The tesla is an SI unit for measuring the strength of a magnetic field. Its symbol is T. The unit is named after the famous inventor Nikola Tesla, who discovered the alternating current, among hundreds of other phenomena. A magnetic field of one tesla is about 30,000 times as powerful as the Earth's magnetic field. However, because the quantity of teslas is computed by dividing the total magnetic flux (power) by area, magnetic fields of high tesla can be achieved by concentrating them in a small space.
For a magnetic flux density to equal 1 tesla, a force of 1 newton must act on a wire of length 1 meter carrying 1 ampere of current. A newton -- the force required to accelerate a 1 kg weight at one meter per second squared -- is a lot of force for a magnetic field to exert, and is not easily achieved.

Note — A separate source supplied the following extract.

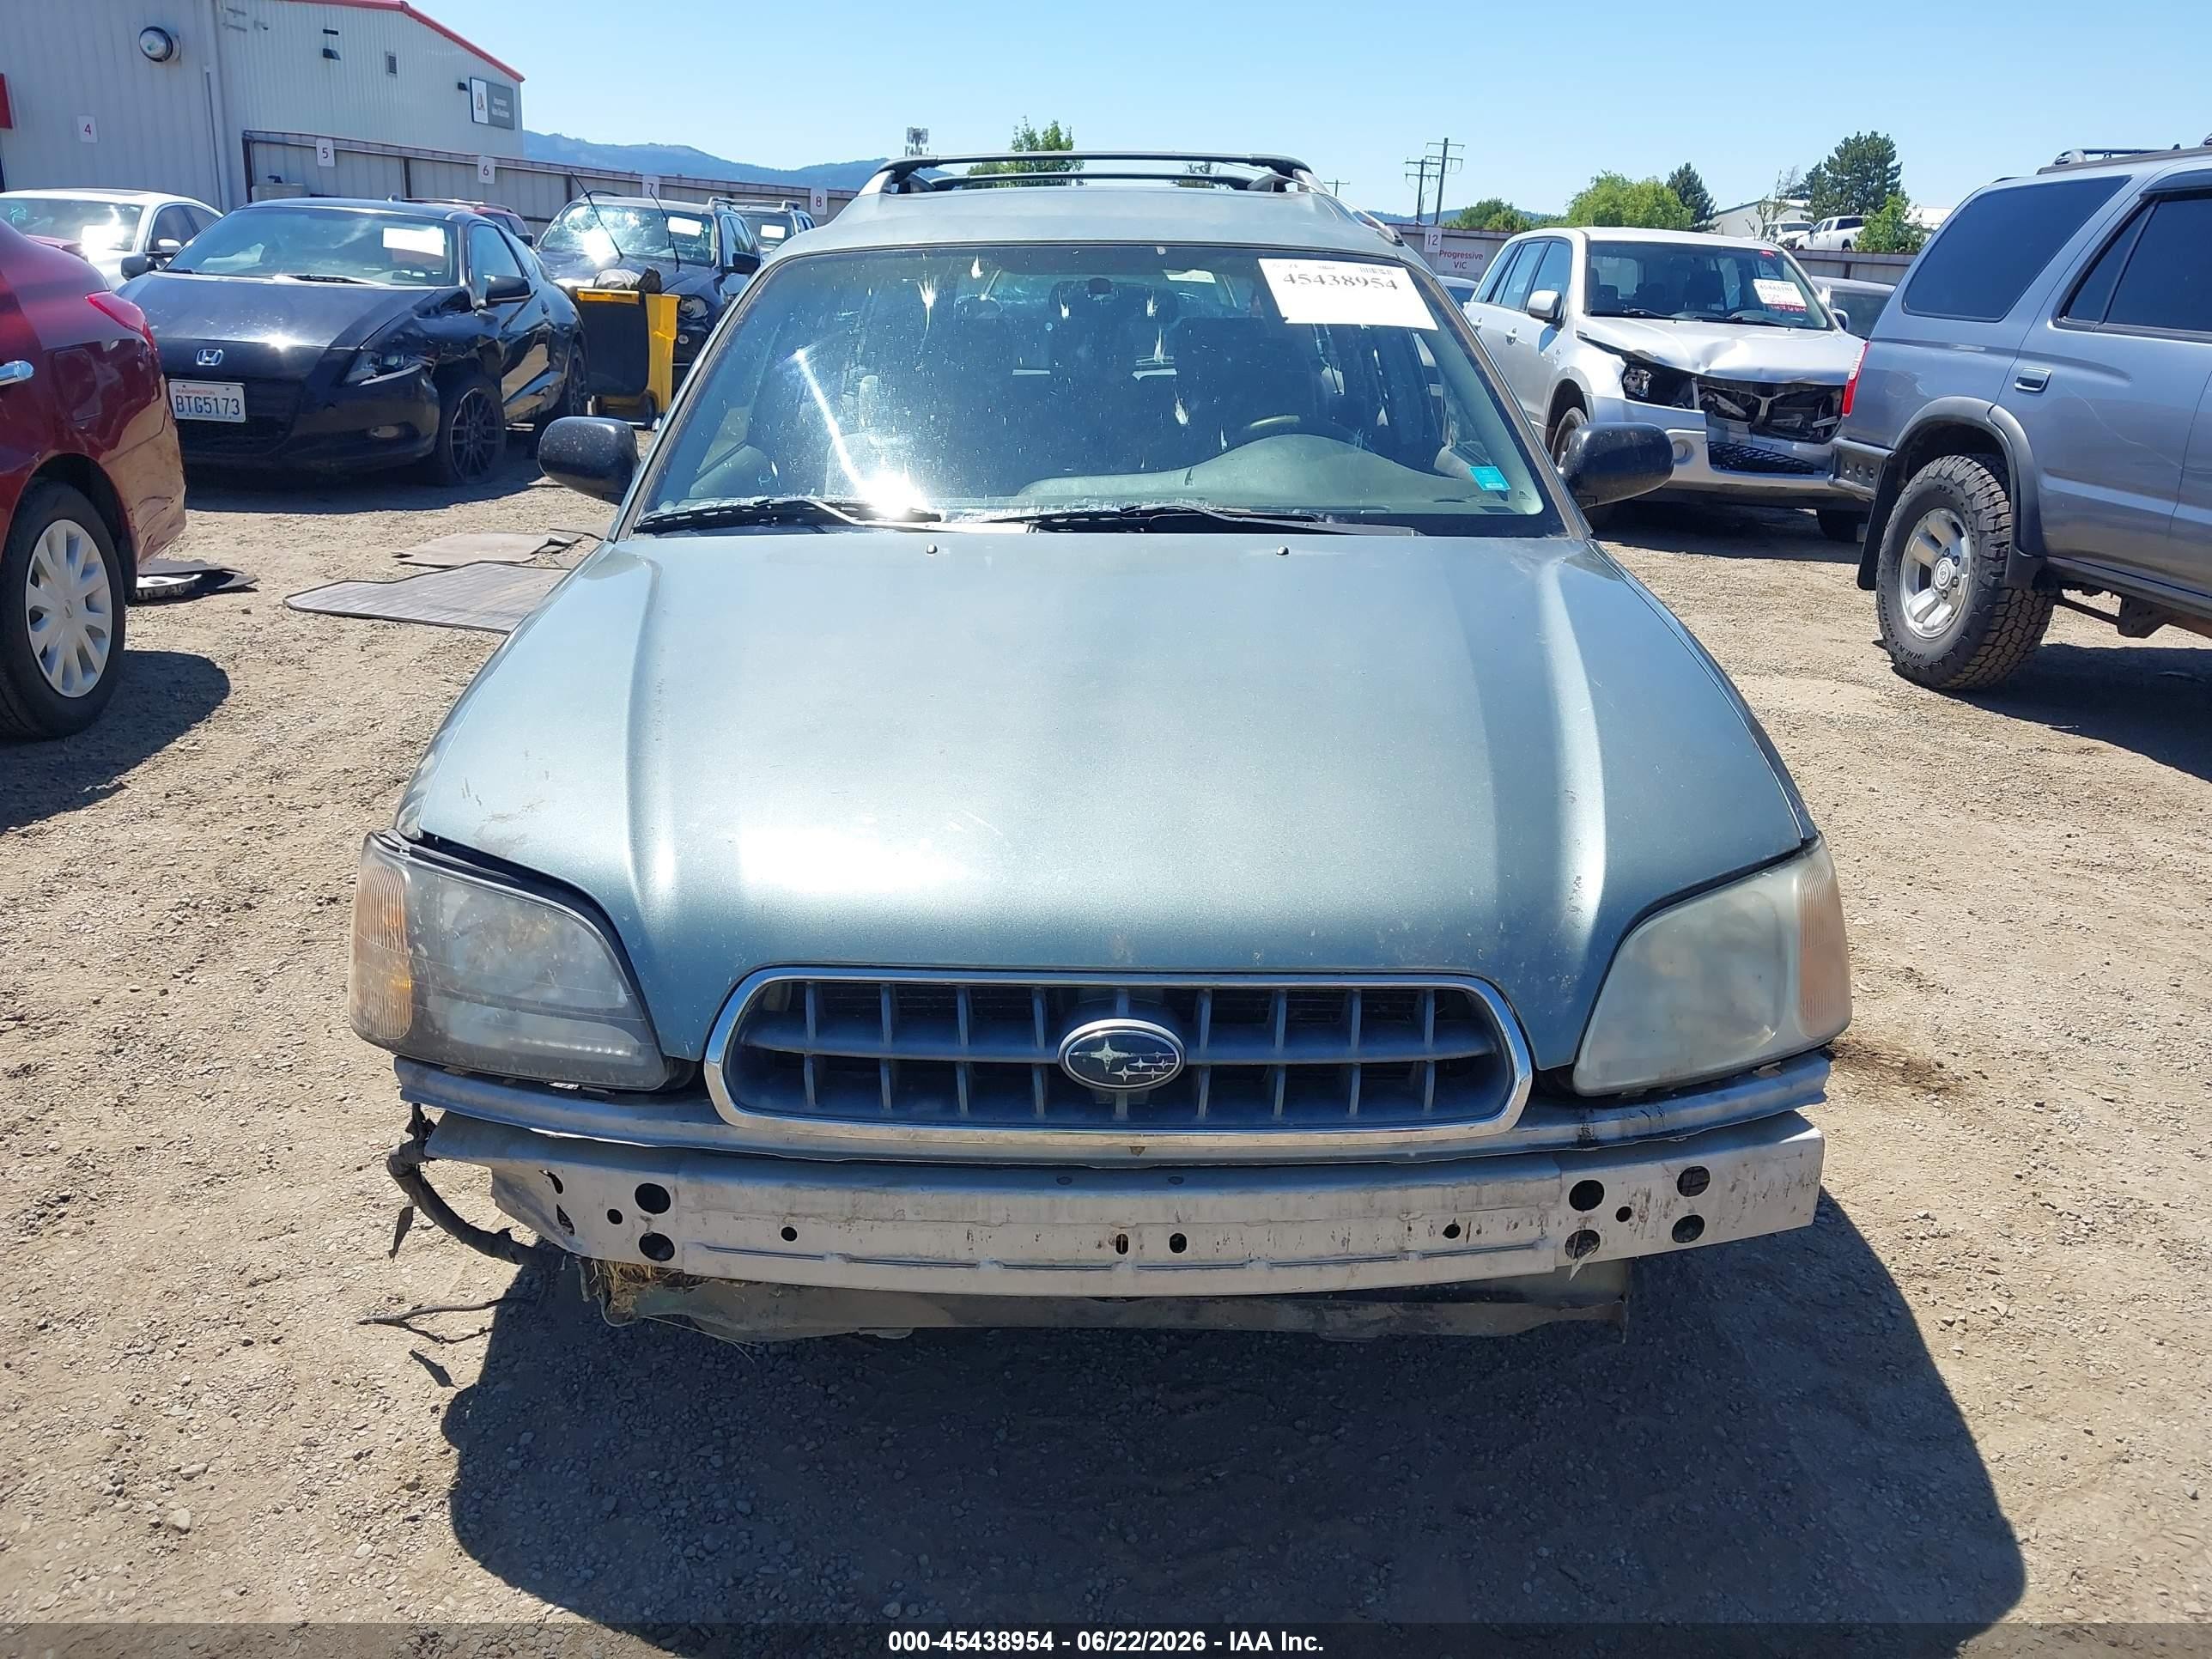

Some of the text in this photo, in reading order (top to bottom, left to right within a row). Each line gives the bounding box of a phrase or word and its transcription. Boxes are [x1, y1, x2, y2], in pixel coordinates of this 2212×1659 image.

The most powerful superconducting electromagnets only produce magnetic fields of around 20T.
The most powerful continuous magnetic field yet generated measures 45T, and the strongest destructive pulse magnet about 850T. A gauss, another unit for measuring magnetism, is 1/10,000th of a tesla. The gamma, still another unit used in geophyics to measure magnetic fields, is one billionth of a tesla.
A weber, another SI unit, is used to measure magnetic flux, whereas the tesla is used to measure magnetic flux density, commonly understood as a magnetic field. It is possible for a given material to become entirely saturated with magnetic flux. For example, 10 teslas is considered to be the upper limit of niobium-titanium accelerator magnets.
Medical magnetic resonance imaging typically sustains a field strength of 2T. A large loudspeaker magnet generates 1T. Exotic cosmic objects such as the magnetar, a neutron star with a massive magnetic field, produce between 0.1 and 100 gigateslas. This is enough to wipe a credit card at a distance equivalent to the gap between the Earth and the Sun.